During the second World War and the communist period which followed many of the links on which this culture had depended were broken. Vienna, a metropolis not just of Germans but also of Jews, Slavs and Magyars, was cut off from the talents and energies of immigrants from the lands to its north, south and east.

The Jews had been all but wiped out in most of Central Europe except Hungary and Bulgaria; long-established communities of Germans were expelled from Poland and Czechoslovakia. In Dresden, Prague, Budapest and Warsaw freedom of expression disappeared as much for writers and intellectuals as for politicians.

While the communist state awarded status and security to the "loyal" intellectual, the dissident lived with insecurity and earned his own status by telling uncomfortable truths about society.

If western intellectuals now showed less enthusiasm for "Europe" than had their immediate post-war predecessors this was certainly not the case east of the Elbe, where the titles of the leading dissidents' books and essays, Waiting for Europe, Return to Europe, Café Europa, suggested a longing for return to a spiritual paradise from which they had been unjustly excluded.

The "return" of Mitteleuropa and its public intellectuals to Europe through their membership of the EU is unlikely to bring any earthly paradise. It may well, however, lead to a significant injection of originality, variety and seriousness into the cultural affairs of the old continent.

Already new links are being made and networks set up, principally through the cultural organs of the German and Austrian governments and the activities of foundations funded by the philanthropist George Soros.

One such exemplary initiative is the Goethe Institut-funded Kafka, a distinguished literary-intellectual quarterly published simultaneously in German, Polish, Hungarian and Czech/Slovak.
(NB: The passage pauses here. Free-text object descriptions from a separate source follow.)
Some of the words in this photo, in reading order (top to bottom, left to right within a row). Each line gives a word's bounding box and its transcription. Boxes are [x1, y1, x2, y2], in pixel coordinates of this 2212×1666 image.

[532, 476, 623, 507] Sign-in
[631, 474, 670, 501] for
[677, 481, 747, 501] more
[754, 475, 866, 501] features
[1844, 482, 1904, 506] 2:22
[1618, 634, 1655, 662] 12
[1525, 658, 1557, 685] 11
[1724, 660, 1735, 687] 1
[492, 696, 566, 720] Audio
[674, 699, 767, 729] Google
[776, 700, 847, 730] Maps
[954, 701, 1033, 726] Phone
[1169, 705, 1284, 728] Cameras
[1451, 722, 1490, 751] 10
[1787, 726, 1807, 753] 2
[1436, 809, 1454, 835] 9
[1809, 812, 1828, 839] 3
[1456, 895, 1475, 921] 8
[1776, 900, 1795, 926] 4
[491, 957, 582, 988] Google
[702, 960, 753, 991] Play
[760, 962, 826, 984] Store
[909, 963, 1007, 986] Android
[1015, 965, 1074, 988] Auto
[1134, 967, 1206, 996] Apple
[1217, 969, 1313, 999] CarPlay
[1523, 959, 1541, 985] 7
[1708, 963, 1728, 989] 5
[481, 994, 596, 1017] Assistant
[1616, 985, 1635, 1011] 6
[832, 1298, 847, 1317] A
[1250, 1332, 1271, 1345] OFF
With the Union's institution- and constitution-building programme increasingly marked by stalemate and failure, it could be time to add a new dimension to Europe before the idea's attractions begin to fade even for its most committed supporters.
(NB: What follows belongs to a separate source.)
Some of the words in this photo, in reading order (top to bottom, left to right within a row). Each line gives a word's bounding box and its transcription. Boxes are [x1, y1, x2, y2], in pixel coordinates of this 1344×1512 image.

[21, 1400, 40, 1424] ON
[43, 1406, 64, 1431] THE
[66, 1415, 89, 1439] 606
The aim of "creating a European identity" is often represented by the Europhobic as a sinister or totalitarian enterprise. Yet potentially it is the opposite.
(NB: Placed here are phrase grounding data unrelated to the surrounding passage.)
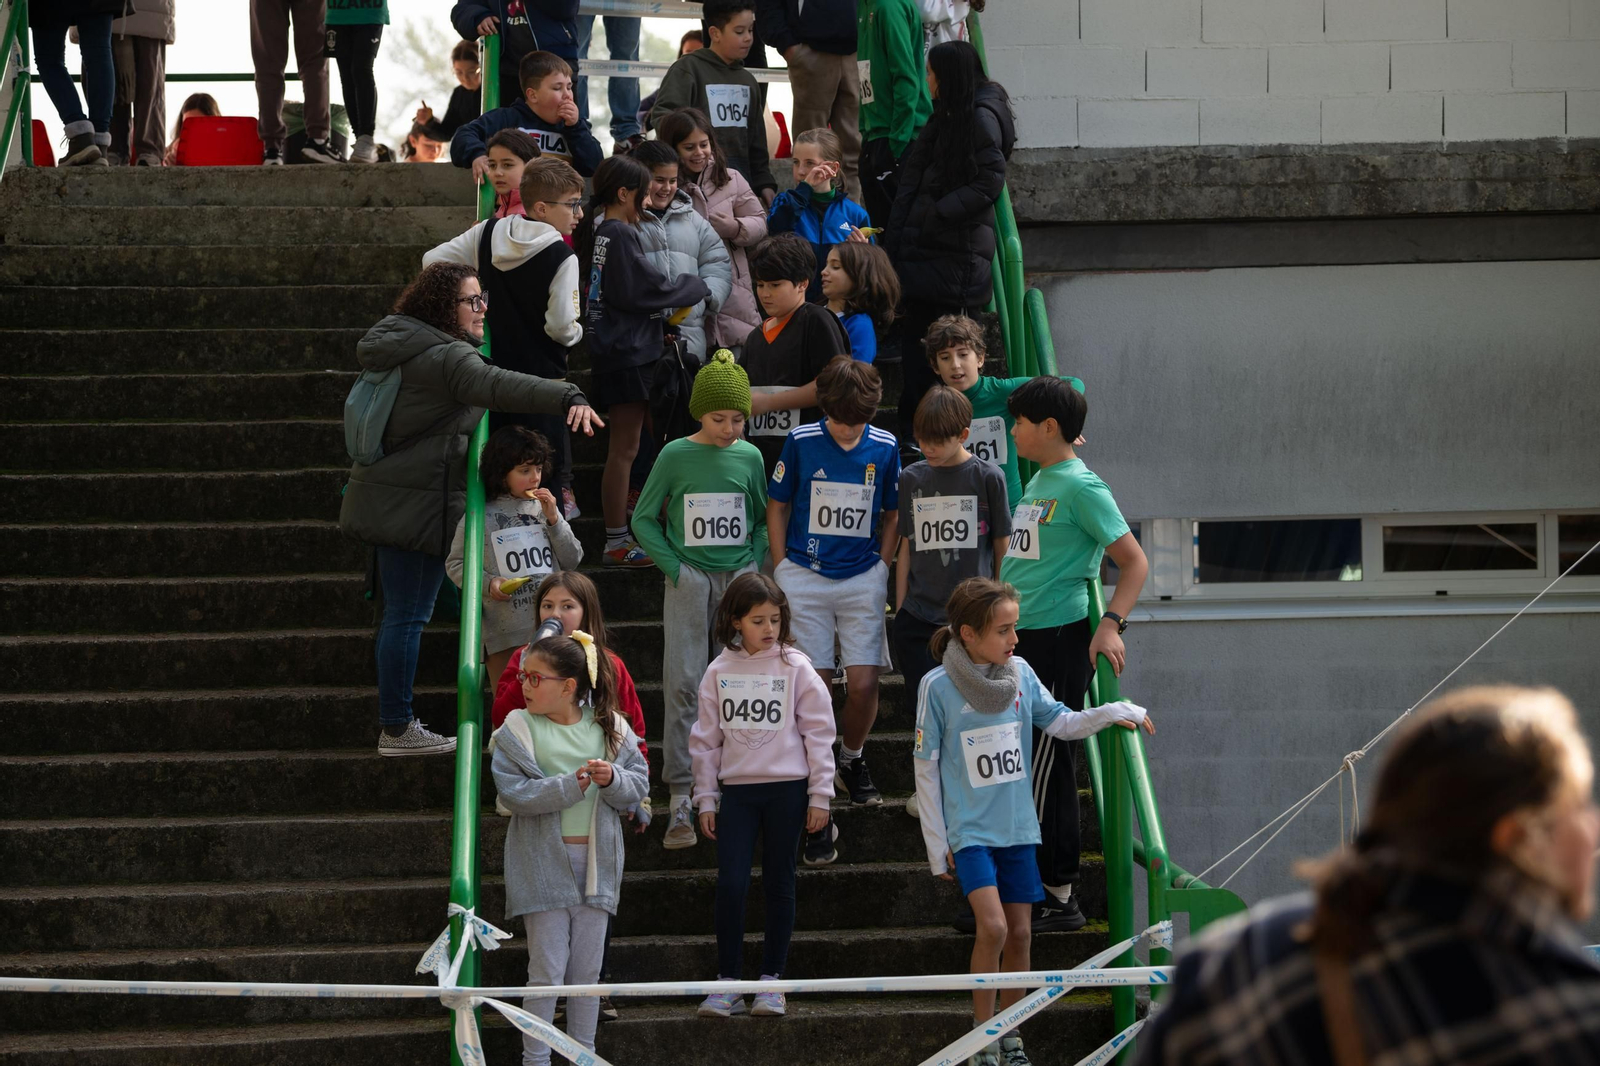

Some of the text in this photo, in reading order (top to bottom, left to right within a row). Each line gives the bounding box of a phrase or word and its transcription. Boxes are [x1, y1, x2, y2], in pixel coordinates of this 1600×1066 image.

[716, 102, 748, 121] 0164
[753, 410, 792, 430] 0163
[963, 439, 999, 462] 161
[692, 516, 742, 540] 0166
[817, 505, 867, 530] 0167
[921, 519, 969, 544] 0169
[505, 546, 552, 573] 0106
[513, 580, 541, 596] HERE
[513, 596, 536, 610] FINI
[722, 698, 782, 724] 0496
[976, 748, 1022, 779] 0162
[1008, 994, 1048, 1024] DEPORTE
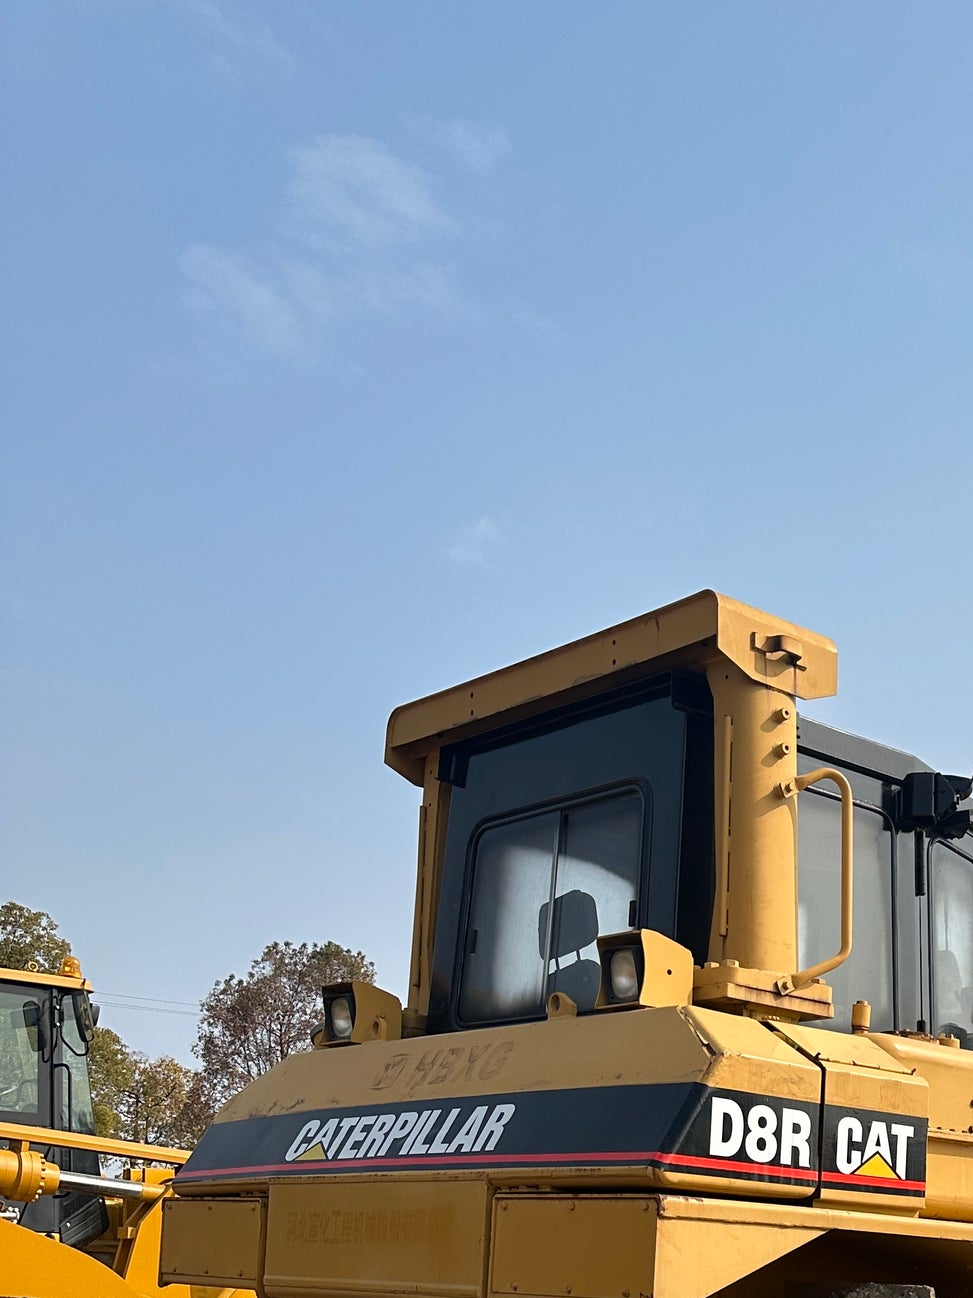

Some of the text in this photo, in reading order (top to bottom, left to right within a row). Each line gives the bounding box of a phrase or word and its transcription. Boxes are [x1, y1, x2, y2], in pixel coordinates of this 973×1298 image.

[285, 1104, 515, 1161] CATERPILLAR
[709, 1097, 811, 1168] D8R
[835, 1116, 914, 1180] CAT
Identities are neither natural nor immutable entities, any more than are nations (the world lived without the latter for a very long time). As Cavour, one of the architects of Italian unification, remarked: "We have made Italy, gentlemen. Now let us make Italians."

The failure in Central Europe of parties of the nationalist right in a series of referendums on EU membership this year suggests an ideology that is past its zenith (the new right-wing populism in western Europe, based on self-interest, racial prejudice and ignorance, is a separate phenomenon).

People will for the foreseeable future, of course, continue to feel Spanish or German (insofar as they do not feel Galician or Bavarian), but there is reason to believe many of them are also prepared to feel just a little European and might feel more so if those guiding the project could give them reason to.

The key to such a development is culture, the diversity of culture which Europe naturally enjoys and the culture of diversity it should politically embrace.

Austria-Hungary, according to Milan Kundera, was a territory which allowed a maximum of difference in a minimum of space (as opposed to Russia, which was the opposite). The central European countries today, where a functional trilingualism is the aim for many, still offer that diversity and an exciting laboratory in which to test new means to pursue cultural enrichment, co-operation and exchange.

Diversity in the cultural context is not a mere synonym for national difference, however. Europe, shaped by many common influences - Christianity, Enlightenment, liberalism, communism - is not a mere aggregation of separate cultural entities, nor does every cultural expression have a nationality. Encouragingly, national cultural institutes are now taking a broader view and no longer simply pursue a traditional agenda of linguistic expansionism.

Cultural promotion is now as often as not bilateral or multilateral and may include, for example, joint projects by the Alliance Française and Goethe Institut.

Nineteenth century America offered its citizens the opportunity of absorption into the whole, e pluribus unum (out of many, one). Twenty-first-century Europe might profitably adjust the terms to work for, not a single European culture, but the ideal of many in one. If the Commission, at this moment of renewed crisis, requires a big idea, it need look no further. Man doth not live by inter-governmental conference alone.